**PROBLEM STATEMENT**
Please give back each entry below unaltered, leaving the pictures out.

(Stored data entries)
⟨

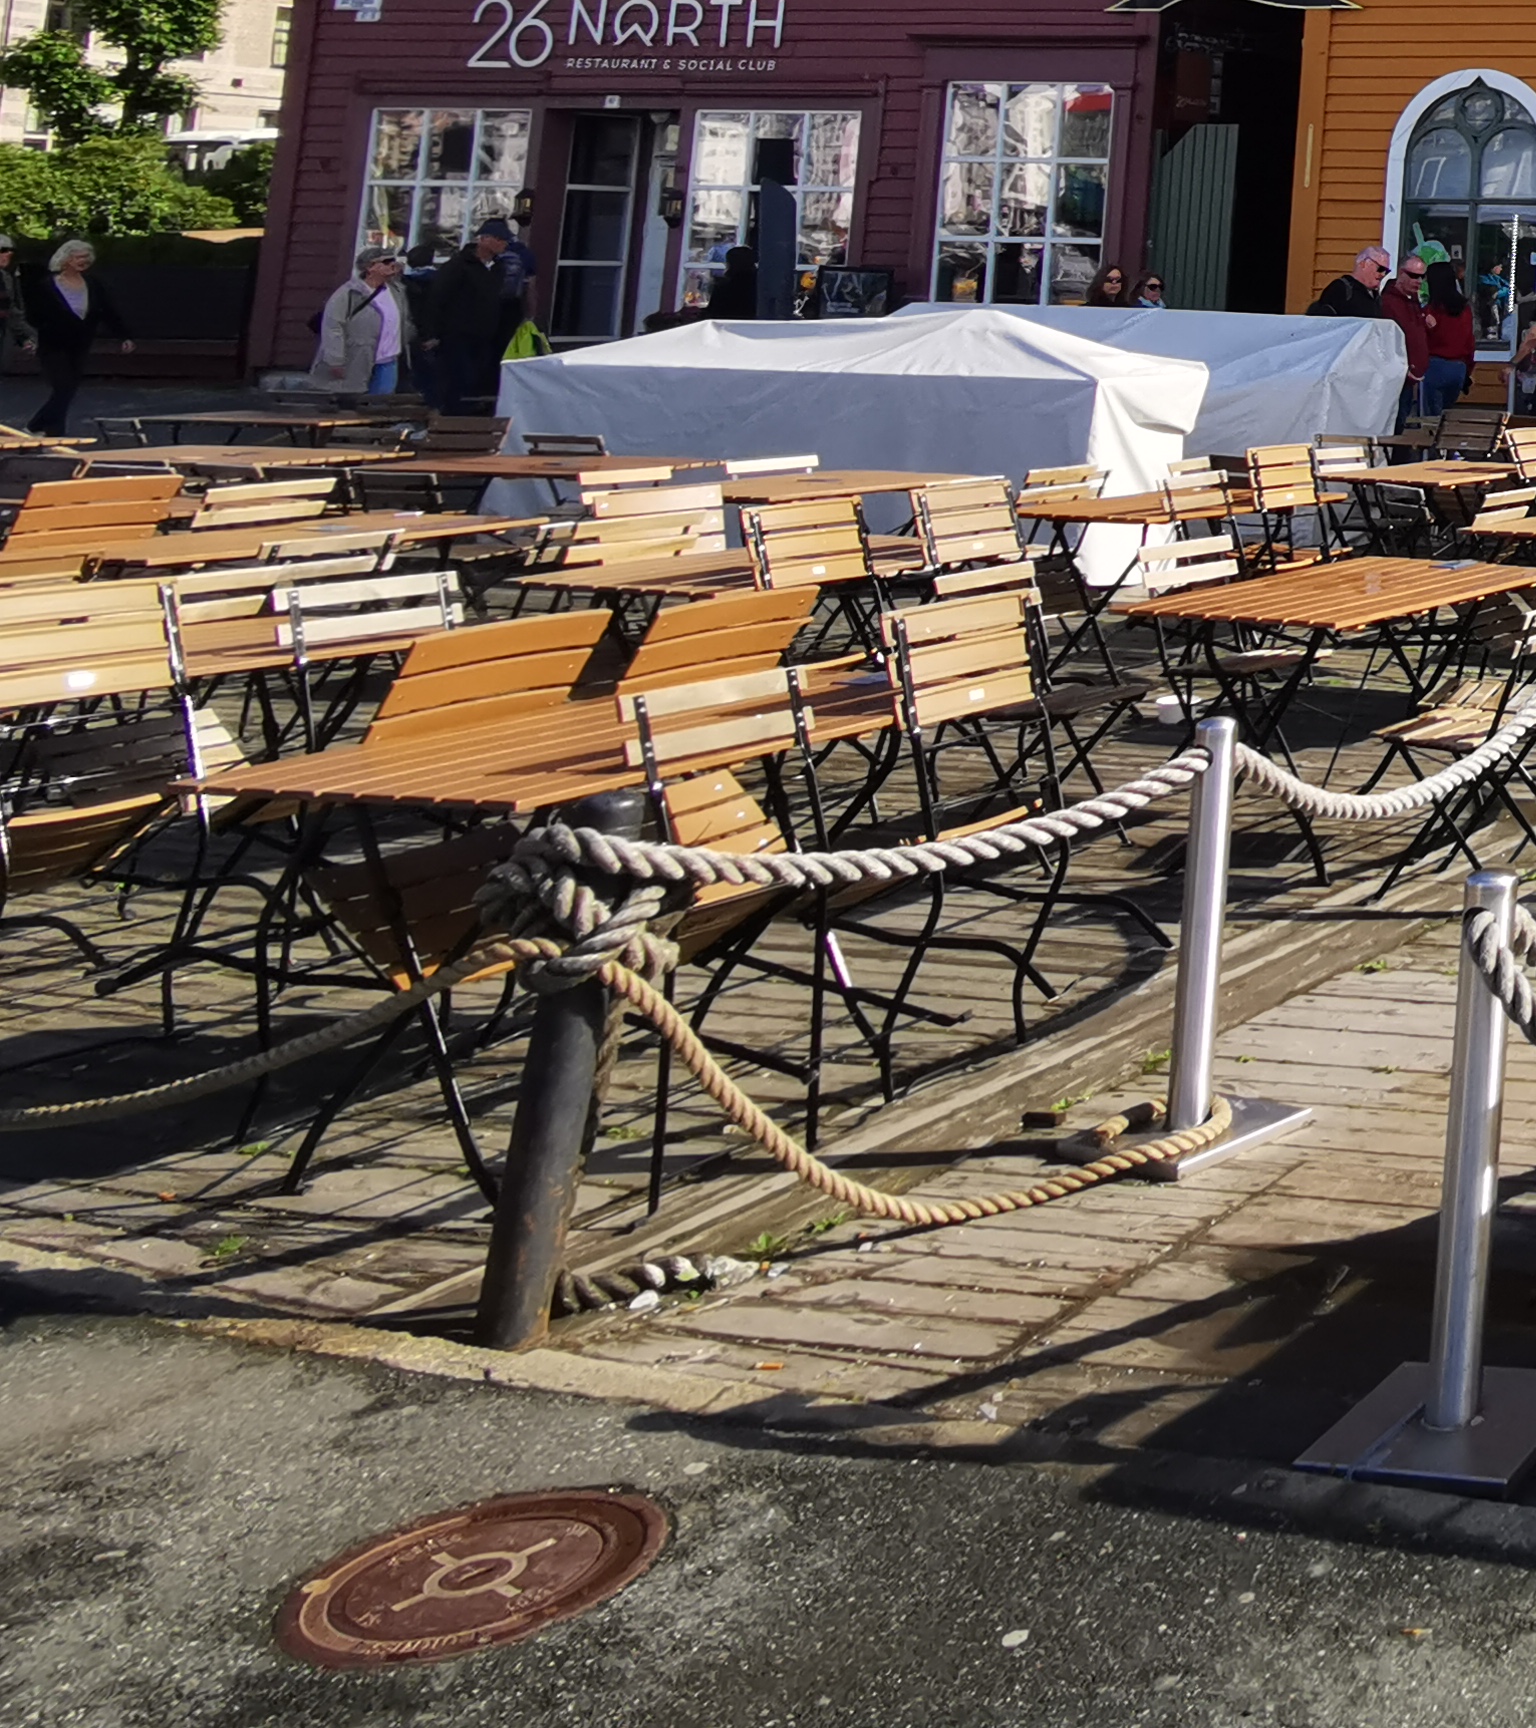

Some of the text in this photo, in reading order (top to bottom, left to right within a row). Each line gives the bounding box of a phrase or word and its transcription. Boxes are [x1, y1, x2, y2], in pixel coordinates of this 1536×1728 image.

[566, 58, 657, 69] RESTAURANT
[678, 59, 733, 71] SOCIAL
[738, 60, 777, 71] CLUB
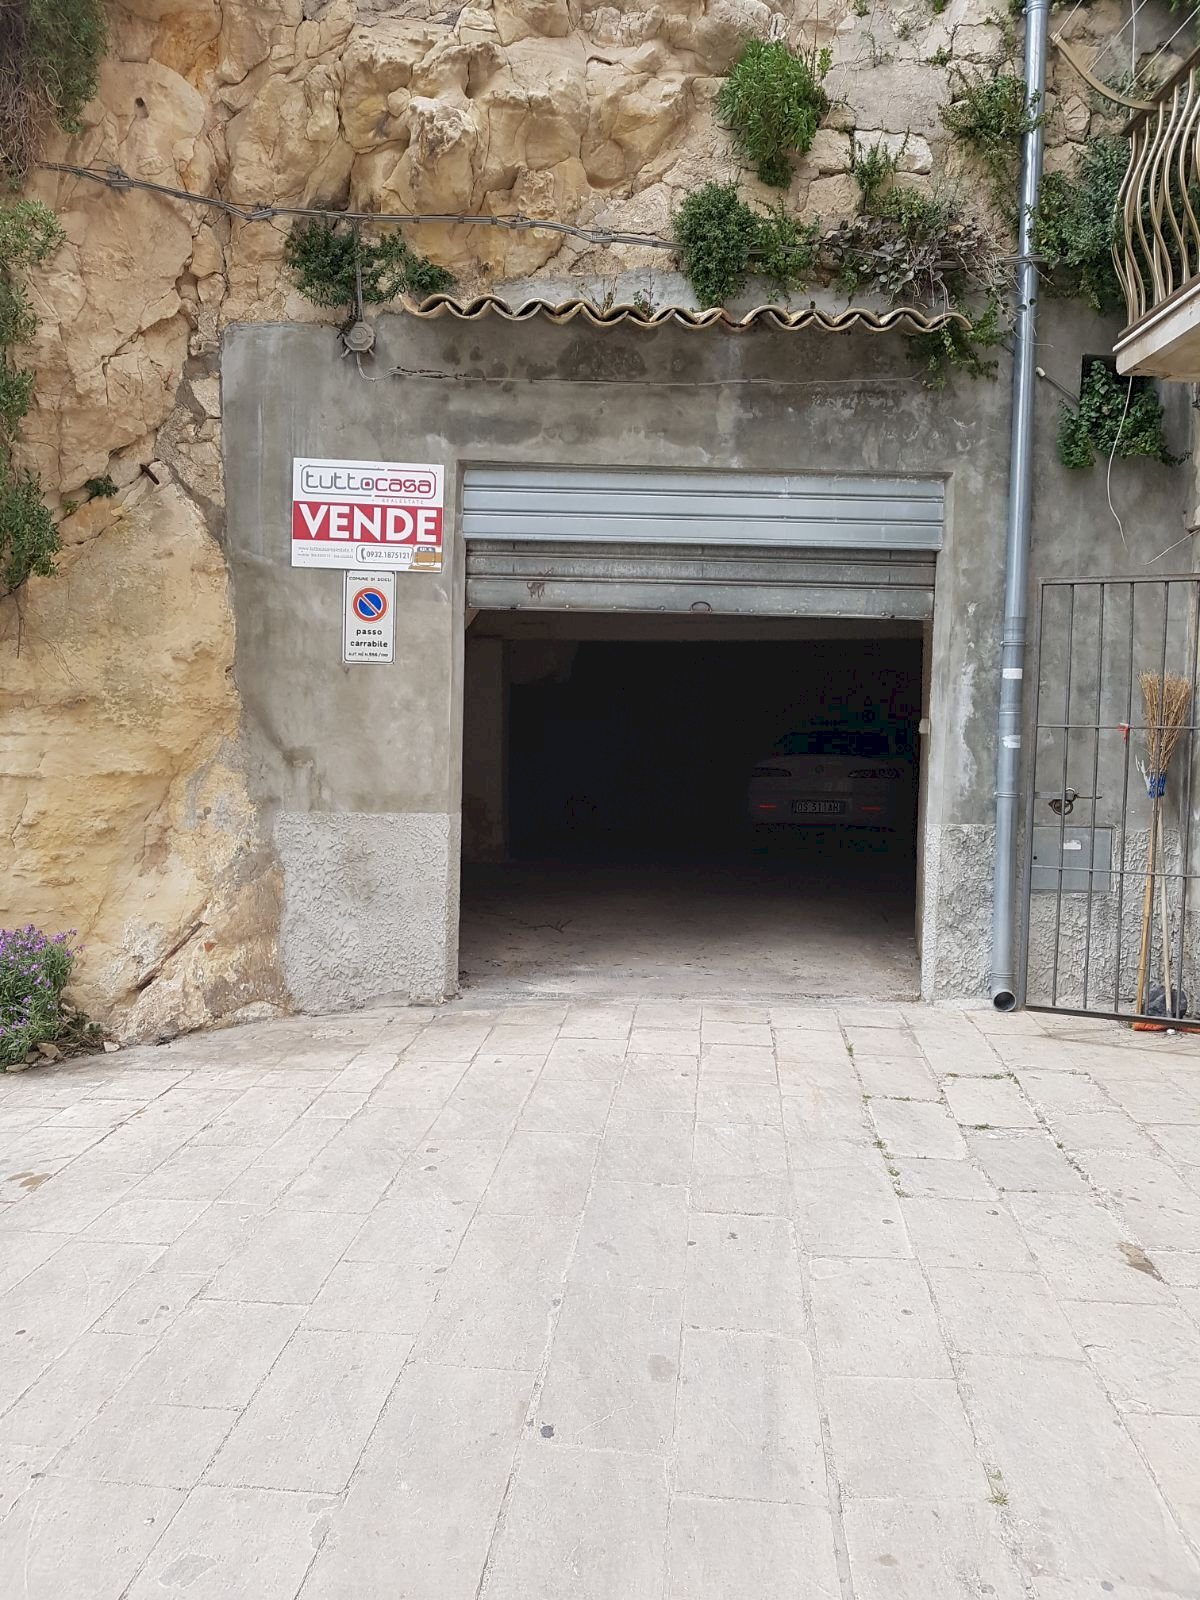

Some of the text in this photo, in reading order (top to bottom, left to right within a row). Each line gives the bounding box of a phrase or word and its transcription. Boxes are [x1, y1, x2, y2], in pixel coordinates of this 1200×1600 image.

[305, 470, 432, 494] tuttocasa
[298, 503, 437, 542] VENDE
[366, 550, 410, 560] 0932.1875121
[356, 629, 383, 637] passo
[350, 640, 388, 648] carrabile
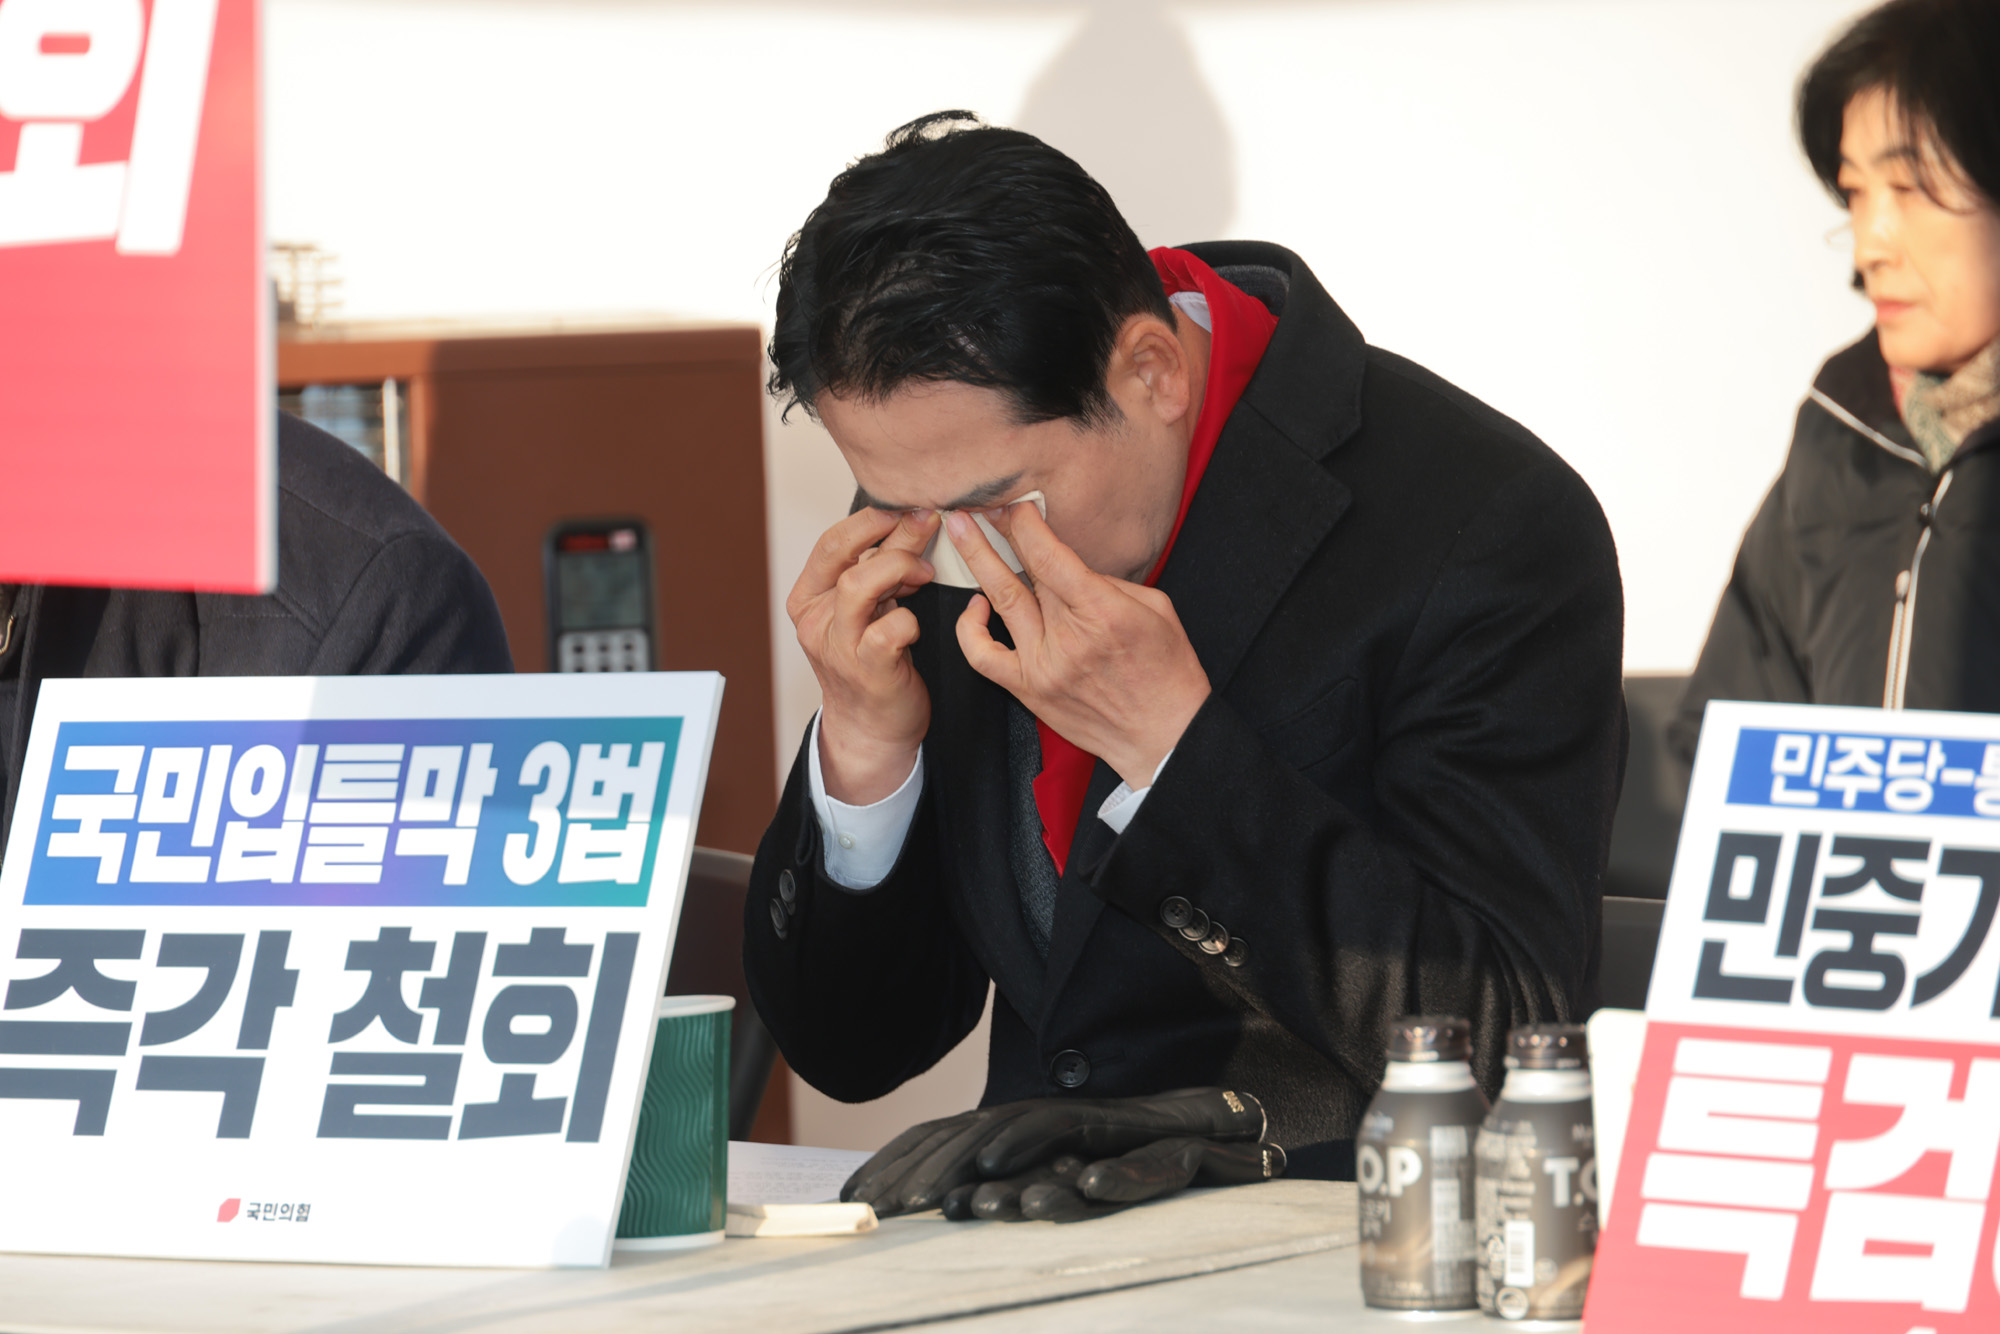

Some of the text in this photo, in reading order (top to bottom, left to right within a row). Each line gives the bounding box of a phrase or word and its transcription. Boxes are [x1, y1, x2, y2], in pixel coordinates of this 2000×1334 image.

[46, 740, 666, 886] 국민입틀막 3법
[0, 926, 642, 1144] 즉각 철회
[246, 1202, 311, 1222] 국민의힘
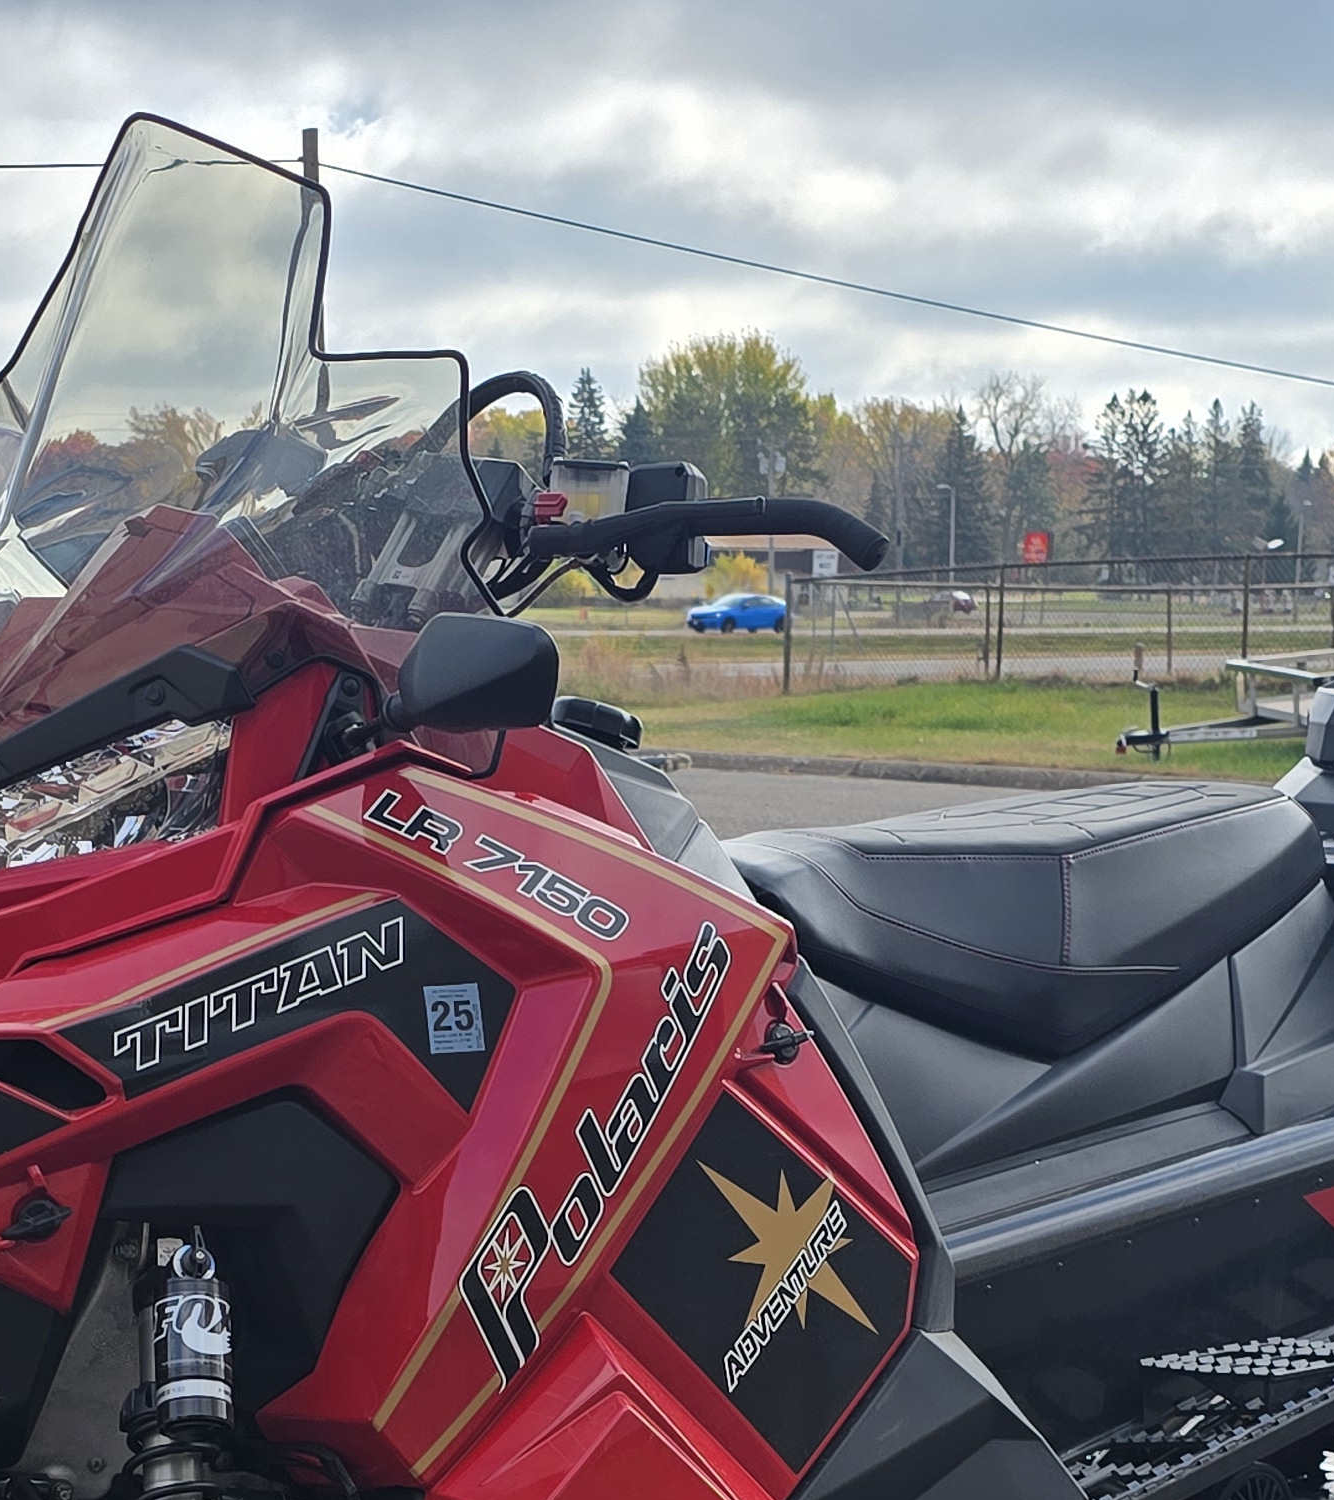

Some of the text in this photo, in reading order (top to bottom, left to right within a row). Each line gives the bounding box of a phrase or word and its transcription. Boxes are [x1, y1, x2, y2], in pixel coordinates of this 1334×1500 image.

⟩

**RESULT**
Some of the text in this photo, in reading order (top to bottom, left to right within a row). Each line gives the bounding box of a phrase or word and its transcription. Boxes are [x1, y1, x2, y2], in pixel coordinates of this 1536×1728 image.

[566, 58, 657, 69] RESTAURANT
[678, 59, 733, 71] SOCIAL
[738, 60, 777, 71] CLUB

Some of the text in this photo, in reading order (top to bottom, left to right within a row). Each line gives the bounding box of a phrase or word and its transcription. Boxes are [x1, y1, x2, y2], in pixel coordinates of this 1200×1600 image.

[305, 470, 432, 494] tuttocasa
[298, 503, 437, 542] VENDE
[366, 550, 410, 560] 0932.1875121
[356, 629, 383, 637] passo
[350, 640, 388, 648] carrabile

Some of the text in this photo, in reading order (top to bottom, left to right within a row). Each line gives the bounding box of a phrase or word and its transcription. Boxes are [x1, y1, x2, y2], in pixel coordinates of this 2000×1334 image.

[46, 740, 666, 886] 국민입틀막 3법
[0, 926, 642, 1144] 즉각 철회
[246, 1202, 311, 1222] 국민의힘

Some of the text in this photo, in reading order (top to bottom, left to right within a row). Each line gives the bounding box of a phrase or word and its transcription. Boxes are [x1, y1, x2, y2], in pixel coordinates of this 1334×1500 image.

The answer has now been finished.